Were any of her other iron study numbers way off?


----------



## Catherine

I don't have a copy of the test results but 3 of the 4 were out of range on the previous test.


----------



## my little penguin

That may be why DS only had low ferritin and high something else .
His hgb was normal though .


----------



## DustyKat

Couple of articles re: Iron Studies. They each have tables at the end showing what results may indicate…

http://www.aacb.asn.au/documents/item/641

http://www.melbournehaematology.com.au/pdfs/guidelines/melbourne-haematology-guidelines-iron-studies.pdf

No doubt there will always be exceptions to the rule though! 

Dusty.


----------



## Catherine

:ybatty:Get the sample is going to kill me.  She says she has only had one BM and that was on Thursday.:ybatty:


----------



## my little penguin

Turn off the water to the toliet so she can't flush - line the bowel with plastic wrap ??


----------



## DustyKat

Thursday?? :eek2: 

Has she gone yet Catherine? 

Dusty. xxx


----------



## Catherine

Did sample night, I will take in tomorrow.


----------



## Catherine

Faecal calprotectin has come back as <19.5 (19.5 - 50) ug/g

Comment: low/absent inflammation of the GIT.
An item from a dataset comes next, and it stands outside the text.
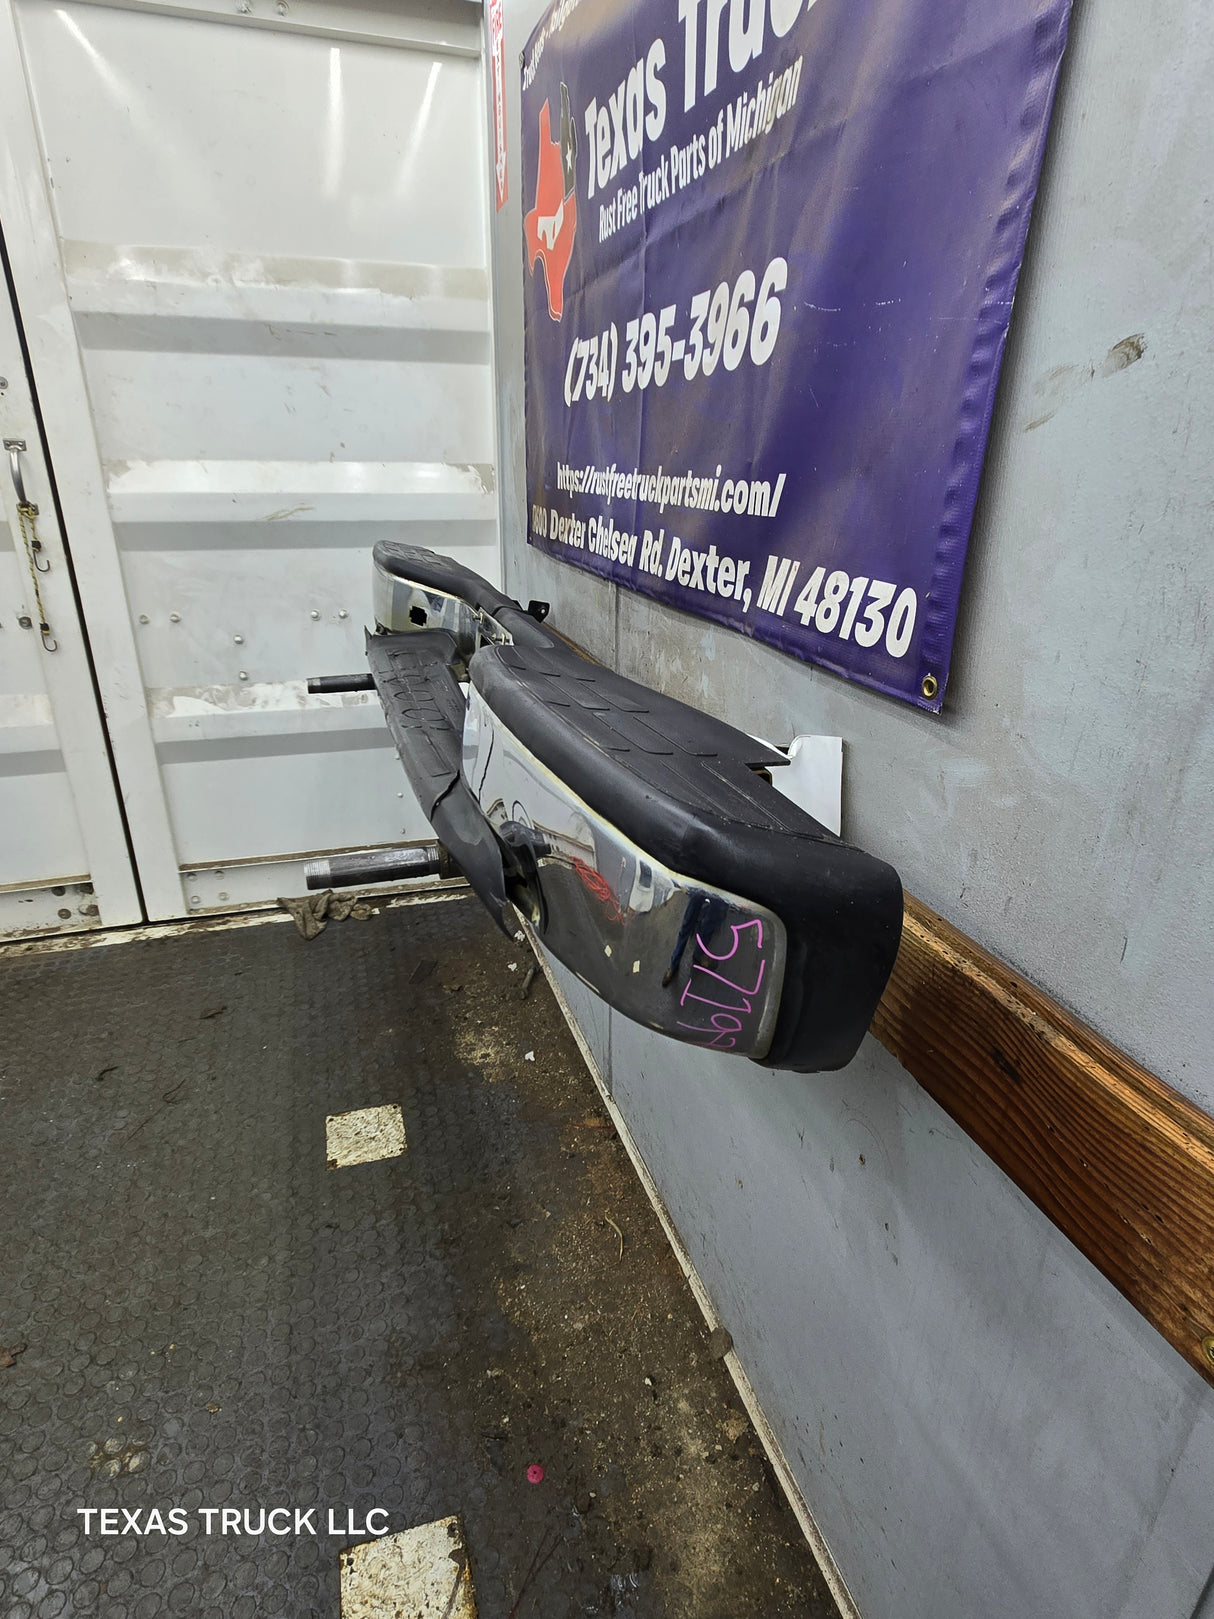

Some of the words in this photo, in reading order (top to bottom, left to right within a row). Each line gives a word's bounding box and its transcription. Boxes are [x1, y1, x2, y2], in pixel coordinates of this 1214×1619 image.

I think we can rule out inflammation as the cause of low iron.


----------



## gotumtum

Hi Catherine

If your daughter continues to have sore tummies may I suggest that she get a Giardia test done (I think it is a stool test sorry!) I had this when I was doing a lot of swimming when I was about her age and only had sore tummies- although adults usually present with vomiting and diarrhea. It is usually treated with a short but strong course of antibiotics.

good luck - it is not fun to have sick kids of any age.


----------



## Catherine

Quick update.

We going have some more blood tests done to monitor the low ferritin levels.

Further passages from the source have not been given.